A china before supper, he told himself, and then the walk to San Matteo. Trotti, who loathed hospitals, told himself it was time he went and sat with Pisanelli. He had been avoiding his duty for too long. He had scarcely spoken to Anna Ermagni other than over the telephone. He needed to tell her that she was always welcome to stay with him and Anna Maria in via Milano.
He needed to tell Pisanelli so many things.
Trotti came out of the main entrance of the Questura.
“You don’t want to come to the hospital?”
“Another time, commissario.”
“A drink?”
“I’m driving back to Milan. I’ve got to get home before the children go to bed. They like me to read them their bedtime stories. Or tell them about Pescara.”
“Get a posting here, Magagna. I’ll be out of your hair after September.”
“That’s what frightens me.”
“Leave Milan before you start falling in love with all your South American transvestites.”
They shook hands. “Love to Giovanna, Magagna.
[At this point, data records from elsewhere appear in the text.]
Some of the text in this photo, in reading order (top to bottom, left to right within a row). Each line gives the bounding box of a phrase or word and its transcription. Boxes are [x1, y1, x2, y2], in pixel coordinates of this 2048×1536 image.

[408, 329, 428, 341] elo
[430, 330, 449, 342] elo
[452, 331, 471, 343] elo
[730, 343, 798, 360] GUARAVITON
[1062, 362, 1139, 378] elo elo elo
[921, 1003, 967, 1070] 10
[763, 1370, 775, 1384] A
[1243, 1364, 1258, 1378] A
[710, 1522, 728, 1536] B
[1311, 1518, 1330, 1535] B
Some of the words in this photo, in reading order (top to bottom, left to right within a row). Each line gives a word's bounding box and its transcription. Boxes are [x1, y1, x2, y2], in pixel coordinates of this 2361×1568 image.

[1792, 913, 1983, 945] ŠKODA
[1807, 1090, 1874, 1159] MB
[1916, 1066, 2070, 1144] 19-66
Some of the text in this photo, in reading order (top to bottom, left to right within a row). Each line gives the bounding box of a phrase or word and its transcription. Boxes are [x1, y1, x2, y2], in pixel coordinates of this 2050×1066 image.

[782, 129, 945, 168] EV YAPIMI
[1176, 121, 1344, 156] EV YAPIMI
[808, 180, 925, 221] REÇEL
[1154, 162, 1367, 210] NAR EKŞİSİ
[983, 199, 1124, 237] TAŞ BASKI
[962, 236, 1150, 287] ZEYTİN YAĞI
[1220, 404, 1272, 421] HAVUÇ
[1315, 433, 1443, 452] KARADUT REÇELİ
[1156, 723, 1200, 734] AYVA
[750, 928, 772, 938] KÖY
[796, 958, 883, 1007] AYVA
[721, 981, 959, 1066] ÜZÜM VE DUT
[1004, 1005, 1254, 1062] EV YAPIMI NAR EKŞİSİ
Tell her I’ll be up to see you all in the new year. And take care. I don’t want you being driven off the road.”
A debonair wave of his hand. “Unlike Pisa, I drive an Italian car—not a French can of sardines.” The burly policeman saluted briskly. “Buona sera, Signor Commissario,” Magagna said, and went down the granite steps of the Questura and disappeared into the night.
“Ciao!”
Trotti pulled on the zip of his English jacket and turned into Strada Nuova.
It was dark and the overhead lamps cast their tinted light into the foggy Street. Trotti pulled his scarf up to his chin and headed towards the Po.
His last winter in the Polizia di Stato.
He softly whistled to himself. “Un bel dì di maggio.”
Rush hour and the municipal buses rumbled past, heavy with their load of passengers and misted glass. Passengers going home to minestra, Berlusconi and bed.